In traditional societies, these services are given by your family, by other members of the local community, by local clinics, and if need be by regional hospitals. Indeed, in such communities many people are often willing to help, if only in small ways.
In the modern world, though, such care is provided by large and impersonal institutions, albeit with the latest technology.
Another significant difference between traditional and modern is that in the former people appear more willing to share, beginning with their labor. For example, if someone wants to harvest their fields, their friends join in to help. The field owner in turn provides dinner for the workers, and perhaps a share of the harvest.
What these and similar practices do is create an environment that somewhat de-emphasizes the idea of private ownership, compared to the modern world. Many more things are effectively viewed as commons. Indeed, the shift from traditional to modern, and the related development from communal to private, meant that in many cases sharing, where you could take what you needed, became theft.
A final aspect of our traditional lifestyle was that we regularly saw the night sky, the vast expanse of the universe and its stars. This is what led us to speculate about the mystery of creation, and it actually tempered our chauvinism. We were only a small and quite possibly insignificant part of the universe.
But, with the formation of towns and cities through urban migration, coupled with electricity generation and the invention of the light bulb, we lost this view, and perspective.
And, coupled with another outcome of technology, the idea that we could control nature - which was also our first step away from the view that we were part of it - this led to a great increase in our chauvinism, that the only thing that mattered was us.

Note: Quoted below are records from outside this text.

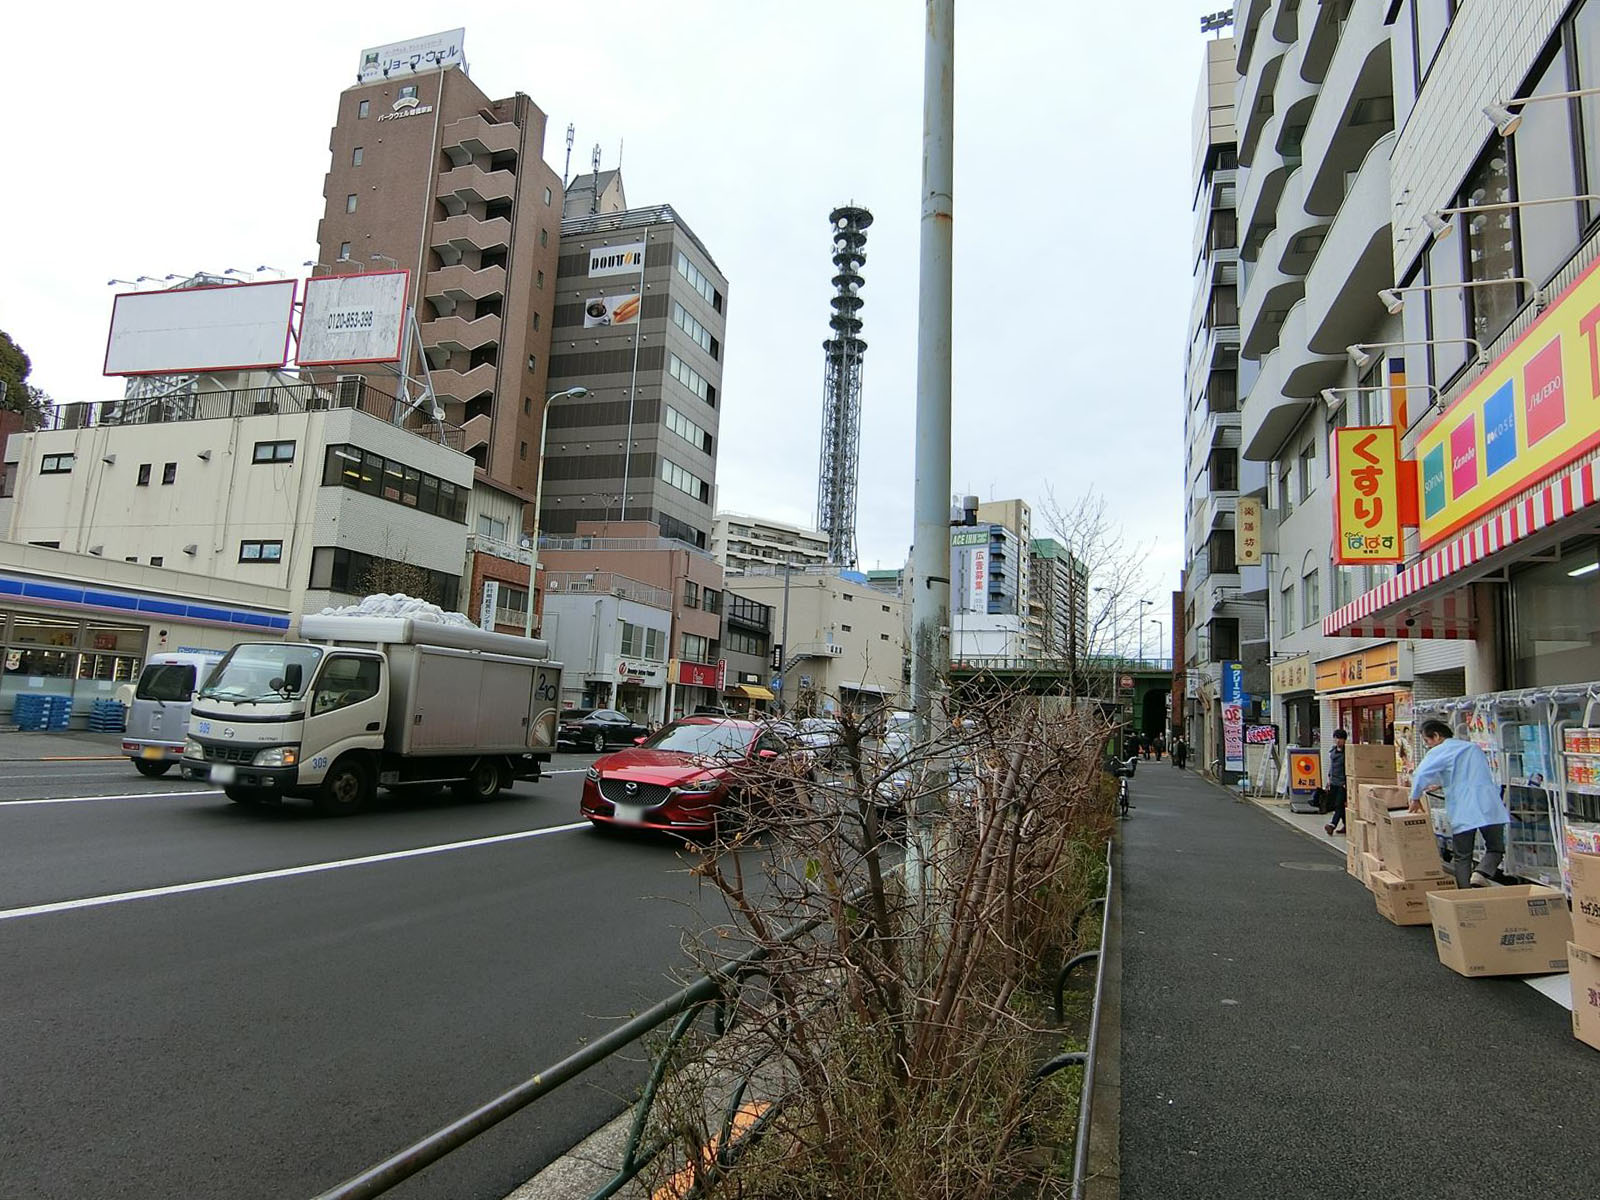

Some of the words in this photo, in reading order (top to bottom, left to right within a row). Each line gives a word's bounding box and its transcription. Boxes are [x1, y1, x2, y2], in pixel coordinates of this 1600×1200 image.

[592, 251, 641, 270] DOUTOR
[1527, 375, 1561, 412] SHISEIDO
[1351, 433, 1383, 529] くすり
[952, 534, 965, 545] ACE
[312, 757, 327, 769] 309

However, the picture is of course not completely one-sided. Many modern toys are fun, and modern life is in some ways easier and more convenient. Moreover, and more importantly, modern culture has shifted the emphasis to the individual. It requires that we make our own choices - although I would add that this occurs in the context of heavy social promotion of a particular set of choices.
Next, the modern world also rewards originality, creativity and excellence, but again, this is only sometimes, such as when they do not get in the way of nepotism.
Traditional culture, on the other hand, has its own problems. As an article by Sujit Wongthes that I once read said, in its focus on community, traditional cultures have less room for the individual. In some cases they even reward mediocrity, the idea that no one should shine.
So, and in conclusion, which is best? Personally, I haven't a clue. I like both. But, for you, you can be modern, or traditional, and you don't even have to leave your home to do it. The world is becoming so diverse. You can pursue either style of life in many if not most places.
I just wanted to show that both types of lives have benefits, and costs. You have to decide which is right for you.